Later in 1999, O'Donnell discontinued her contract with Kmart as their spokeswoman, as gun enthusiasts complained that she shouldn't be the spokesperson for the largest gun retailer. O'Donnell countered that Kmart sells hunting rifles, not handguns or assault weapons and does so legally which she supports. Both Kmart and O'Donnell denied publicly that Kmart had terminated the contract.[20] In May 2000, O'Donnell's bodyguard applied for a concealed firearm permit. O'Donnell stated that the security firm contracted by Warner Bros. requested the gun. O'Donnell stated that because of threats, she and her family need protection, which she attributes to her "tough gun-control rhetoric".[21]

After the September 11, 2001 attacks, Broadway and tourism in New York City was down and many shows were in danger of closing. O'Donnell was among many in the entertainment field who encouraged viewers to visit and support the performing arts. She announced that she would donate 1 million dollars for aid in the rescue efforts and encouraged other celebrities and citizens alike to "give till it hurts".[22]

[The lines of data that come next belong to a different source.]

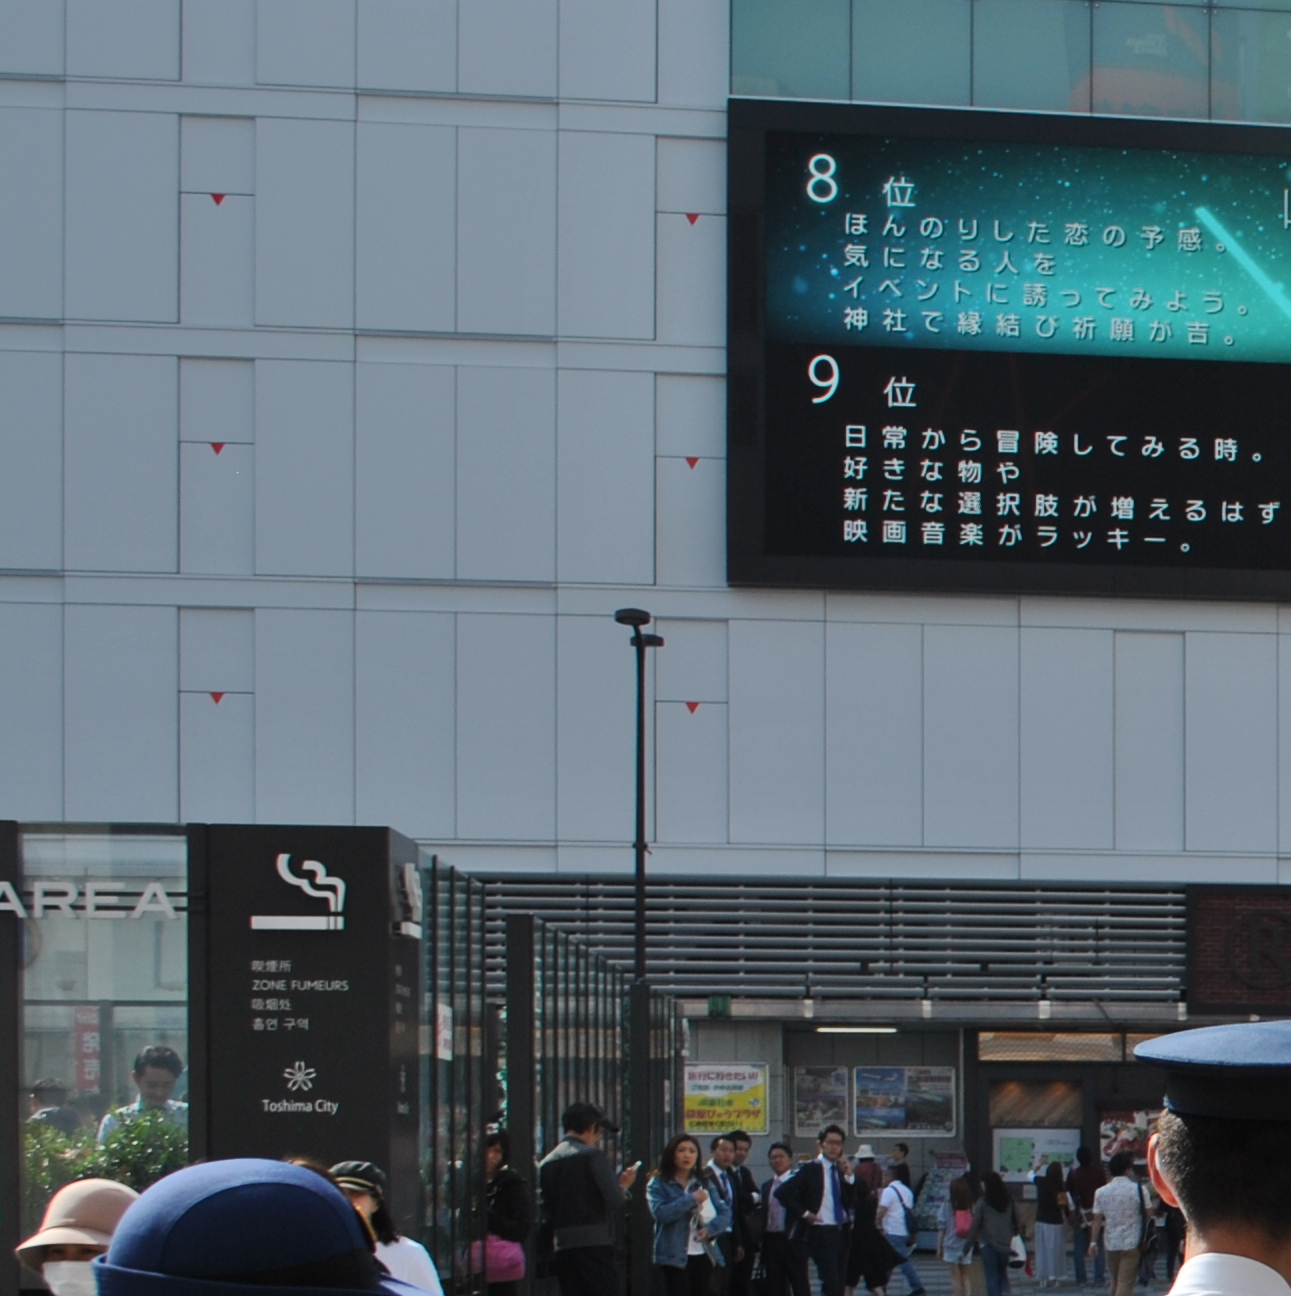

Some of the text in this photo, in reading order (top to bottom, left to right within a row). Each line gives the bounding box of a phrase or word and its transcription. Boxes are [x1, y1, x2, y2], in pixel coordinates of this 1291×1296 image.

[806, 153, 916, 208] 8 位
[844, 212, 1227, 252] ほんのりした恋の予感。
[844, 243, 1056, 275] 気になる人を
[843, 276, 1248, 316] イベントに誘ってみよう。
[807, 354, 917, 408] 9 位
[845, 425, 1262, 463] 日常から冒険してみる時。
[844, 457, 1020, 484] 好きな物や
[843, 519, 1191, 553] 映画音楽がラッキー。
[0, 881, 178, 919] AREA
[252, 979, 350, 992] ZONE FUMEURS
[262, 1099, 339, 1115] Toshima City

In 2002, she left her talk show.[23] The show was replaced by The Caroline Rhea Show, with comedian Caroline Rhea, which ran for one additional season.

The View[edit]

O'Donnell at the 2008 Tribeca Film Festival premiere for the I Am Because We Are documentary, about the millions of orphans in the African country of Malawi who lost parents and siblings to HIV and AIDS. Her passion for protecting children has led her to be outspoken on issues affecting them, including world affairs and adoption.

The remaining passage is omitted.